Sometimes, there are just silly things that make me in love with it all. The other night, Esteban and I were lying in bed, doing that nauseating couple thing where we’re all snuggly-wuggly and just lying there, almost asleep like two baby birds in a nest fluffed with down, and he had just warned me to not bite him (which I do on occasion. I’m a biter. I can’t even help myself. If I really really like you, I might just bite you. But it’s just a love bite. Really. Love hurts sometimes.) and then I tickled his ribs and he did this weird undulating thing, which he then described as his Dolph Lundgren maneuver. And I was flummoxed, so I said ‘Dolph Lundgren? Like’ HeMan?’ No, no, it was a dolphin maneuver. Because that made so much more sense. So I asked him if he went to school to be so dorky or if it just came natural, to which he replied that he was a class 12 dork with a plus-twelve ability to spaz out and a magical ring of regeekeration.
Sexiest man alive, non?
What a crime it would be to forget that, though. What an absolute crime. Last night I had one of those few rare evenings where I wasn’t thinking about tomorrow or next week or next year or why I wasn’t born a trust fund baby or why I haven’t seen Finding Nemo yet (because those pelicans? My god, I almost stroked out from laughter during the previews. Esteban was mortified at my ability to be absolutely destroyed by a fart joke, particularly one combined with fish.). And the house was relatively clean and the floor all nice and shiny and wooden and looking as though it has always belonged in this house and we simply reunited it. And even though we have yet to put the moldings in and even though there was a pot of gnocchi slowly turning to Elmer’s glue in the kitchen, it just felt great to sit in the living room with the front door open and the full screen letting soft breezes fluff the belly fur of the cat as she luxuriates in the new rug in the middle of the floor. I don’t have those moments very often. Maybe only four or five times a year, where I am completely living in this moment and this place. And I think I miss a lot of stuff because my brain is going about four hundred miles a minute and life turns into a Monet at such speeds.
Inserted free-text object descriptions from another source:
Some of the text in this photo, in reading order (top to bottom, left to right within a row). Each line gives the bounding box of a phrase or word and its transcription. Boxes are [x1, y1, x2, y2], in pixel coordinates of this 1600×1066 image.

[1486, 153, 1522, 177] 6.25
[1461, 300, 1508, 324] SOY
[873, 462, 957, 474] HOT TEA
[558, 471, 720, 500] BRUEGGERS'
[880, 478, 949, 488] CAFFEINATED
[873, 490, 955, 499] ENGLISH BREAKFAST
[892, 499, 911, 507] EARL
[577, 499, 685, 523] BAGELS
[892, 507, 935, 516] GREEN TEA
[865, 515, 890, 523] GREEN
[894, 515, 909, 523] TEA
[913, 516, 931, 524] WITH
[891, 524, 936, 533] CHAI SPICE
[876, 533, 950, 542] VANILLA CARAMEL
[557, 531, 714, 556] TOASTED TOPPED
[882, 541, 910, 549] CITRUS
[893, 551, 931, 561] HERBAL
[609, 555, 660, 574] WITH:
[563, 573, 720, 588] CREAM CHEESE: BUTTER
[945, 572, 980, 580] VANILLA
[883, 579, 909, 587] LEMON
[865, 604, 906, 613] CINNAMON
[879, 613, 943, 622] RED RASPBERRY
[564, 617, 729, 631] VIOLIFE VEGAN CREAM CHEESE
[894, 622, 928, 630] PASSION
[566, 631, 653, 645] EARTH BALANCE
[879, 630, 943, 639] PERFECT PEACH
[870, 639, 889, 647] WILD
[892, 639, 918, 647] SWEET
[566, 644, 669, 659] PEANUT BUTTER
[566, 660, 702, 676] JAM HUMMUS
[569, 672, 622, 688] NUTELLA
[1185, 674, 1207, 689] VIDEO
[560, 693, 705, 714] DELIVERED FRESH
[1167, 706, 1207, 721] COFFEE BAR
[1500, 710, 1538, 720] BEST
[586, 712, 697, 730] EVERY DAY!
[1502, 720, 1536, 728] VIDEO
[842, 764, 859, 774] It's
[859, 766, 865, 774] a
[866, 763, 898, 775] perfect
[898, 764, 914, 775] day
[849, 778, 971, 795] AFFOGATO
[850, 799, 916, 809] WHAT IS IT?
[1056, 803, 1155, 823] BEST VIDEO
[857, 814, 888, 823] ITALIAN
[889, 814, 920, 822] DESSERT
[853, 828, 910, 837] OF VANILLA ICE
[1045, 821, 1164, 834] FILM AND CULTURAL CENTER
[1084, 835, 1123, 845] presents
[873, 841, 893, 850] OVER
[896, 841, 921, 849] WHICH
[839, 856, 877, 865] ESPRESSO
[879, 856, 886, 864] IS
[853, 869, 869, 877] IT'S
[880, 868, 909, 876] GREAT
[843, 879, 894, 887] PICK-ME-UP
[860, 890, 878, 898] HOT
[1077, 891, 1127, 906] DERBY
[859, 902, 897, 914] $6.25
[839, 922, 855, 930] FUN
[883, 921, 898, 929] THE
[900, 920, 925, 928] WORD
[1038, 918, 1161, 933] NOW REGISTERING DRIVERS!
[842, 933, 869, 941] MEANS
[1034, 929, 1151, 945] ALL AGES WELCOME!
Like, I don’t want to forget a parking lot full of school buses I saw today, all stowed away for summer vacation. They looked like a field of buttercups. Or the comfy loose clothing of a developmentally disabled man who was waiting for a bus at lunch. He was singing to himself in baggy khakis and a denim jacket, looking for all the world like a Gap ad complete with soundtrack he made up inside his head. Because he made me happy.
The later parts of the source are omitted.